Exercise instructions -> All entries below are to be duplicated verbatim.

Records supplied ->
▬▬▬

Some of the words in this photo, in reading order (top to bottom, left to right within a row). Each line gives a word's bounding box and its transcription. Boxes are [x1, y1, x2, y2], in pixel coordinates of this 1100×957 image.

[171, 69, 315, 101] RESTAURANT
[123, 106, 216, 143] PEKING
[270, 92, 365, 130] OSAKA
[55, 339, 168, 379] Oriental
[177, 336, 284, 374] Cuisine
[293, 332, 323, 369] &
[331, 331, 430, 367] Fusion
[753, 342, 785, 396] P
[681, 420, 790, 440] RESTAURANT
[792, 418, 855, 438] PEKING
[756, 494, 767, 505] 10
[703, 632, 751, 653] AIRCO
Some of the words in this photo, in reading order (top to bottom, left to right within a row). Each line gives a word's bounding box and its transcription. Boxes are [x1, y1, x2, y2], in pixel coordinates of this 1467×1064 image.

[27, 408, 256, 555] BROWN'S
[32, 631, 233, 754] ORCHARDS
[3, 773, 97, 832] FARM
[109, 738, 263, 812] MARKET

▬▬▬

Exercise result ->
Some of the words in this photo, in reading order (top to bottom, left to right within a row). Each line gives a word's bounding box and its transcription. Boxes are [x1, y1, x2, y2], in pixel coordinates of this 1100×957 image.

[171, 69, 315, 101] RESTAURANT
[123, 106, 216, 143] PEKING
[270, 92, 365, 130] OSAKA
[55, 339, 168, 379] Oriental
[177, 336, 284, 374] Cuisine
[293, 332, 323, 369] &
[331, 331, 430, 367] Fusion
[753, 342, 785, 396] P
[681, 420, 790, 440] RESTAURANT
[792, 418, 855, 438] PEKING
[756, 494, 767, 505] 10
[703, 632, 751, 653] AIRCO
Some of the words in this photo, in reading order (top to bottom, left to right within a row). Each line gives a word's bounding box and its transcription. Boxes are [x1, y1, x2, y2], in pixel coordinates of this 1467×1064 image.

[27, 408, 256, 555] BROWN'S
[32, 631, 233, 754] ORCHARDS
[3, 773, 97, 832] FARM
[109, 738, 263, 812] MARKET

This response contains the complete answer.